- _Task directions_
Your output should be the complete listing, repeated exactly.

-- Dataset records follows --

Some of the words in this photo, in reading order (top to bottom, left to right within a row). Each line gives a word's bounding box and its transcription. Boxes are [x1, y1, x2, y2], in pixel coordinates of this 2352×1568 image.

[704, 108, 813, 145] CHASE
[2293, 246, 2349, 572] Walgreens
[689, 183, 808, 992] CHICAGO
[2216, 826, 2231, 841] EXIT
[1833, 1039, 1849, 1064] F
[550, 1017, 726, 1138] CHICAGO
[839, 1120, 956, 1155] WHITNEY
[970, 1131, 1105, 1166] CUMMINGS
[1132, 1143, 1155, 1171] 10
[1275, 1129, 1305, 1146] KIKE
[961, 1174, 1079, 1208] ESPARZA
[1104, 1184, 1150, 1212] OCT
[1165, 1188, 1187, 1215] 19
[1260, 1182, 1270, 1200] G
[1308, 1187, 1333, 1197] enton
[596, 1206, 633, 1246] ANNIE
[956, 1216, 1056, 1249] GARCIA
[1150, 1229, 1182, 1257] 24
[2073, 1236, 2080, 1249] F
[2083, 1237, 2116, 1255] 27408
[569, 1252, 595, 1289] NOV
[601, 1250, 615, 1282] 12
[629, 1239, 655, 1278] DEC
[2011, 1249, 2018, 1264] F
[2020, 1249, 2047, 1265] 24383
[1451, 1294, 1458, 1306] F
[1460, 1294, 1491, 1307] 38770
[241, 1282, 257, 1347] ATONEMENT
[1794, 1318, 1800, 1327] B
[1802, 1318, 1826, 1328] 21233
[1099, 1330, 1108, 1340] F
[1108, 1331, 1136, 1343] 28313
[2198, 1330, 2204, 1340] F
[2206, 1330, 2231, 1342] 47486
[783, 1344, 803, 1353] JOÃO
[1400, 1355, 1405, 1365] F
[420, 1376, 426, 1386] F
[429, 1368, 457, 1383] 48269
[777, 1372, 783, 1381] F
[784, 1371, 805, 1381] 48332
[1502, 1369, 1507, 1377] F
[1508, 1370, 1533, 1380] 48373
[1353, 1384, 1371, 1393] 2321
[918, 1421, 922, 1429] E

-- Dataset records concluded --

- _Task solution_
Some of the words in this photo, in reading order (top to bottom, left to right within a row). Each line gives a word's bounding box and its transcription. Boxes are [x1, y1, x2, y2], in pixel coordinates of this 2352×1568 image.

[704, 108, 813, 145] CHASE
[2293, 246, 2349, 572] Walgreens
[689, 183, 808, 992] CHICAGO
[2216, 826, 2231, 841] EXIT
[1833, 1039, 1849, 1064] F
[550, 1017, 726, 1138] CHICAGO
[839, 1120, 956, 1155] WHITNEY
[970, 1131, 1105, 1166] CUMMINGS
[1132, 1143, 1155, 1171] 10
[1275, 1129, 1305, 1146] KIKE
[961, 1174, 1079, 1208] ESPARZA
[1104, 1184, 1150, 1212] OCT
[1165, 1188, 1187, 1215] 19
[1260, 1182, 1270, 1200] G
[1308, 1187, 1333, 1197] enton
[596, 1206, 633, 1246] ANNIE
[956, 1216, 1056, 1249] GARCIA
[1150, 1229, 1182, 1257] 24
[2073, 1236, 2080, 1249] F
[2083, 1237, 2116, 1255] 27408
[569, 1252, 595, 1289] NOV
[601, 1250, 615, 1282] 12
[629, 1239, 655, 1278] DEC
[2011, 1249, 2018, 1264] F
[2020, 1249, 2047, 1265] 24383
[1451, 1294, 1458, 1306] F
[1460, 1294, 1491, 1307] 38770
[241, 1282, 257, 1347] ATONEMENT
[1794, 1318, 1800, 1327] B
[1802, 1318, 1826, 1328] 21233
[1099, 1330, 1108, 1340] F
[1108, 1331, 1136, 1343] 28313
[2198, 1330, 2204, 1340] F
[2206, 1330, 2231, 1342] 47486
[783, 1344, 803, 1353] JOÃO
[1400, 1355, 1405, 1365] F
[420, 1376, 426, 1386] F
[429, 1368, 457, 1383] 48269
[777, 1372, 783, 1381] F
[784, 1371, 805, 1381] 48332
[1502, 1369, 1507, 1377] F
[1508, 1370, 1533, 1380] 48373
[1353, 1384, 1371, 1393] 2321
[918, 1421, 922, 1429] E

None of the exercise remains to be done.